For example, in the NOx purification control, the CPU
The so-called rich spike control is executed to reduce the oxygen concentration in the exhaust gas flowing into the filter 20 in a spike-like (short time) manner in a relatively short cycle.

In the rich spike control, the CPU determines whether or not the rich spike control execution condition is satisfied every predetermined period. Examples of the rich spike control execution condition include conditions in which the filter 20 is in the active state, the output signal value of the exhaust temperature sensor 24 (exhaust temperature) is equal to or less than a predetermined upper limit value, and the like.

When it is determined that the rich spike control execution condition as described above is satisfied, the CPU causes the reducing agent injection valve 28 to inject spiked reducing agent fuel.

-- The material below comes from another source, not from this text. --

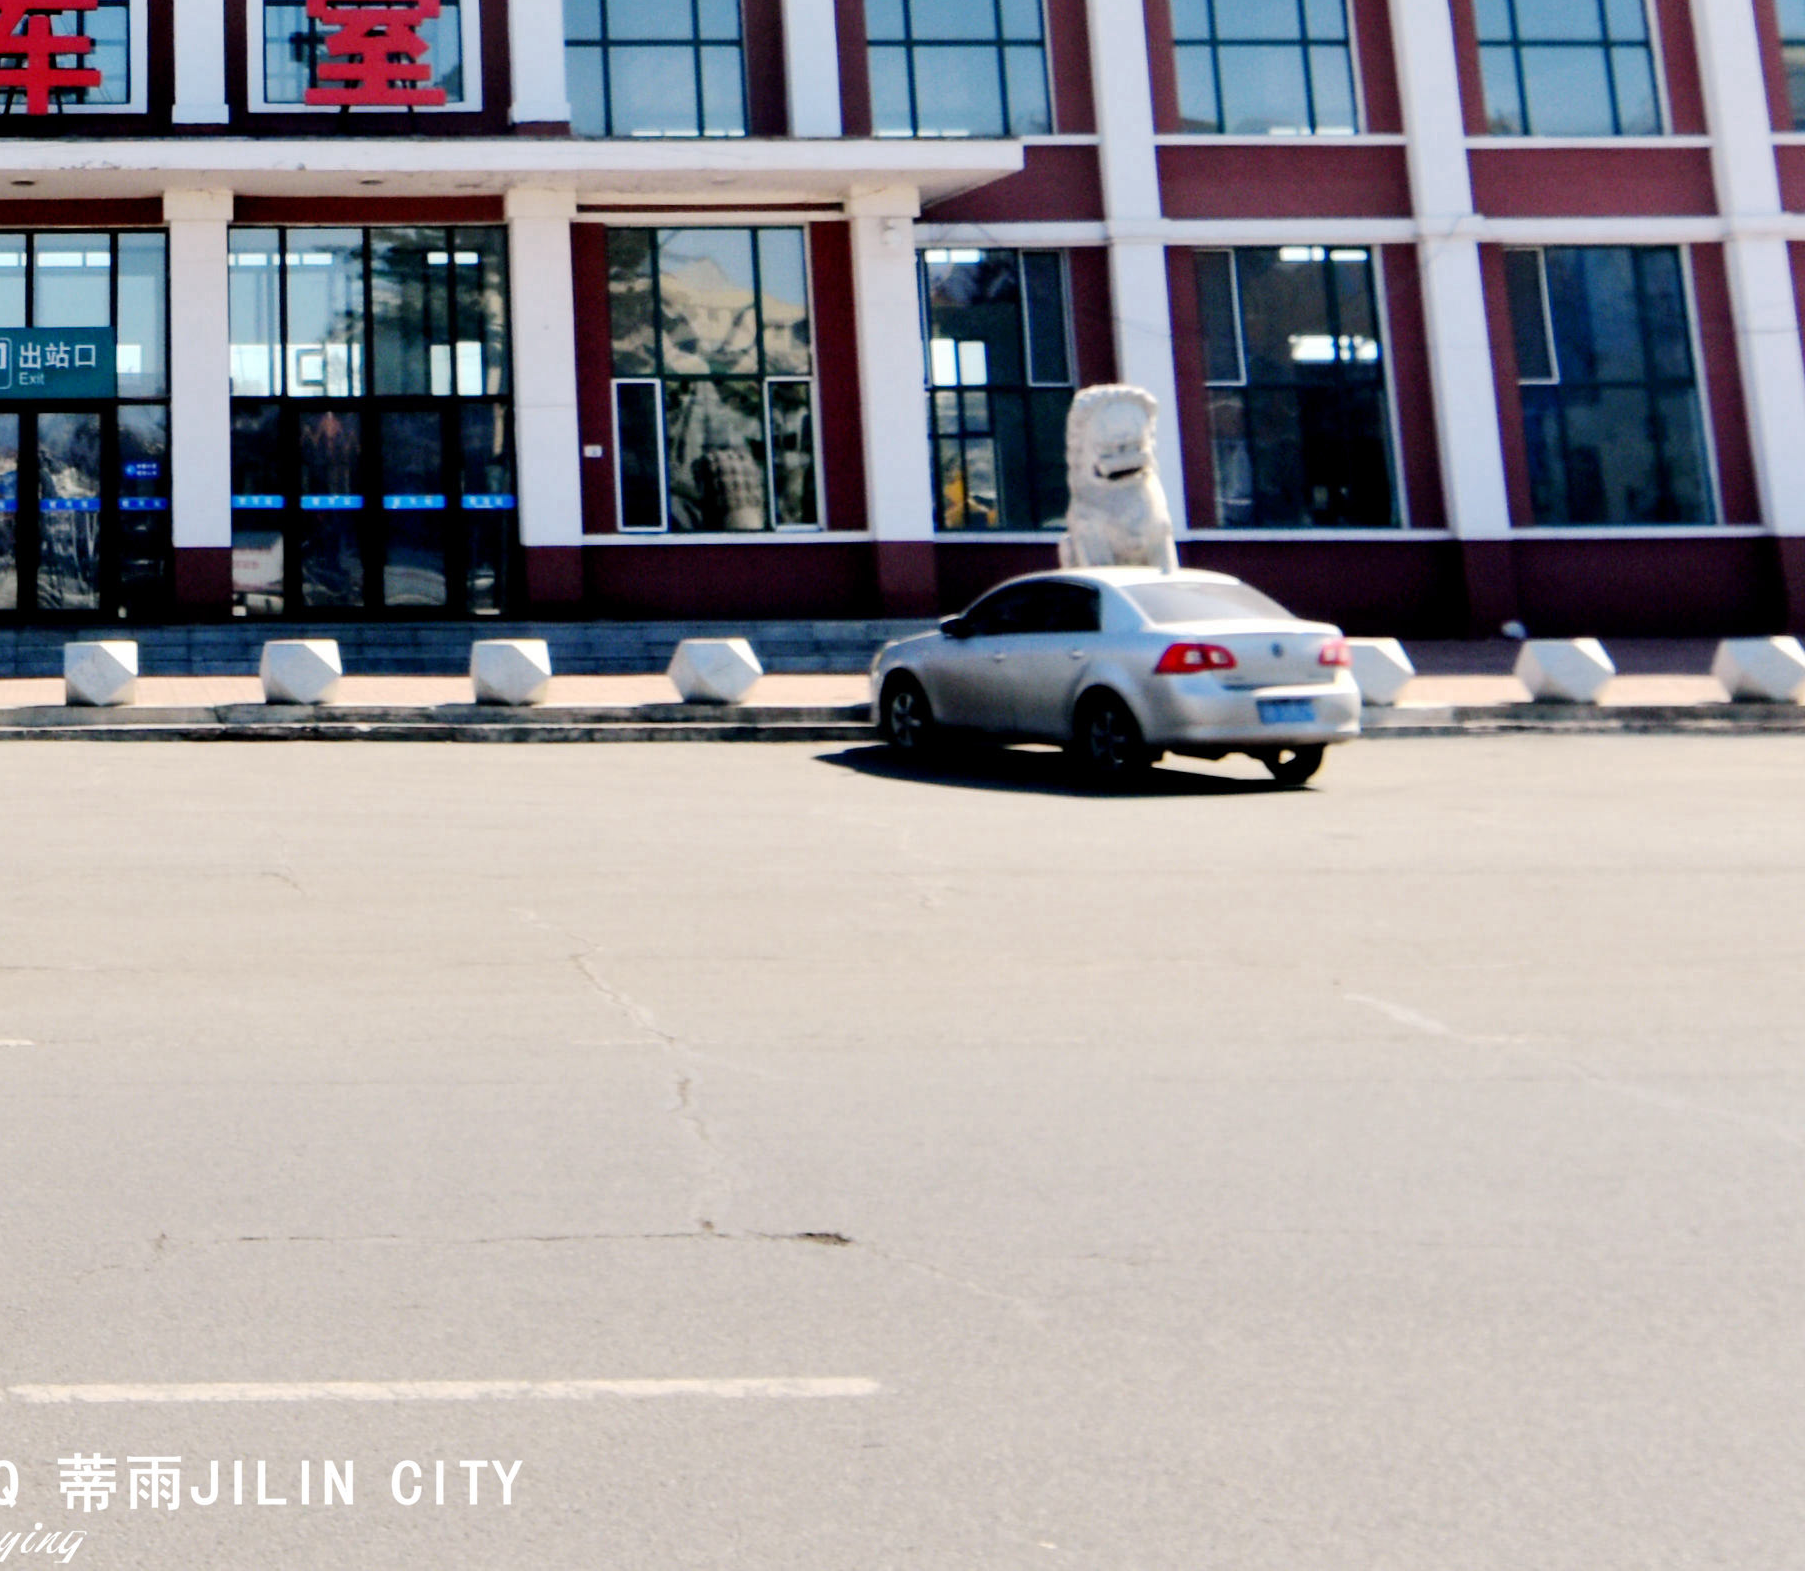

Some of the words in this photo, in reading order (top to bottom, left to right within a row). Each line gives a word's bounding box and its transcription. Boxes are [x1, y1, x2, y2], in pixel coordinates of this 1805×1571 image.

[18, 342, 97, 369] 出站口
[18, 372, 45, 386] Exit

By controlling
The air-fuel ratio of the exhaust gas flowing into the filter 20 is temporarily set to a predetermined target rich air-fuel ratio.

Specifically, the CPU has the engine speed stored in the RAM, the output signal of the accelerator opening sensor 36 (accelerator opening), the output signal value of the air flow meter 11 (intake air amount), the air-fuel ratio. The output signal of the sensor 37, the fuel injection amount, etc. are read.

The CPU uses the engine speed, the accelerator opening, the intake air amount, and the fuel injection amount as parameters for the R
The reducing agent addition amount control map of the OM is accessed, and the reducing agent addition amount (target addition amount) necessary for setting the air-fuel ratio of the exhaust gas to the preset target air-fuel ratio is calculated.

Subsequently, the CPU accesses the reducing agent injection valve control map of the ROM using the target addition amount as a parameter, and the reducing agent necessary for injecting the target addition amount of the reducing agent from the reducing agent injection valve 28. The valve opening time (target valve opening time) of the injection valve 28 is calculated.

When the target opening time of the reducing agent injection valve 28 is calculated, the CPU opens the reducing agent injection valve 28.

The CPU closes the reducing agent injection valve 28 when the target valve opening time elapses from the time when the reducing agent injection valve 28 is opened.

As described above, when the reducing agent injection valve 28 is opened for the target valve opening time, the target addition amount of fuel is injected from the reducing agent injection valve 28 into the exhaust branch pipe 18. Then, the reducing agent injected from the reducing agent injection valve 28 mixes with the exhaust gas that has flowed from the upstream side of the exhaust branch pipe 18 to form an air-fuel mixture having a target air-fuel ratio, and then flows into the filter 20.

As a result, the air-fuel ratio of the exhaust gas flowing into the filter 20 is such that the oxygen concentration changes in a relatively short cycle, so that the filter 20 absorbs and releases / reduces nitrogen oxides (NOx). And will be repeated alternately in a short cycle.

Next, in the poisoning elimination control, the CPU carries out the poisoning elimination processing in order to eliminate the poisoning caused by the oxide of the filter 20.

Here, sulfur (S) is used as the fuel for the engine 1.
When such a fuel is burned in the engine 1, sulfur oxides (SOx) such as sulfur dioxide (SO ₂ ) and sulfur trioxide (SO ₃ ) are generated.

Sulfur oxide (SOx) flows into the filter 20 together with the exhaust gas, and is absorbed by the filter 20 by the same mechanism as nitrogen oxide (NOx).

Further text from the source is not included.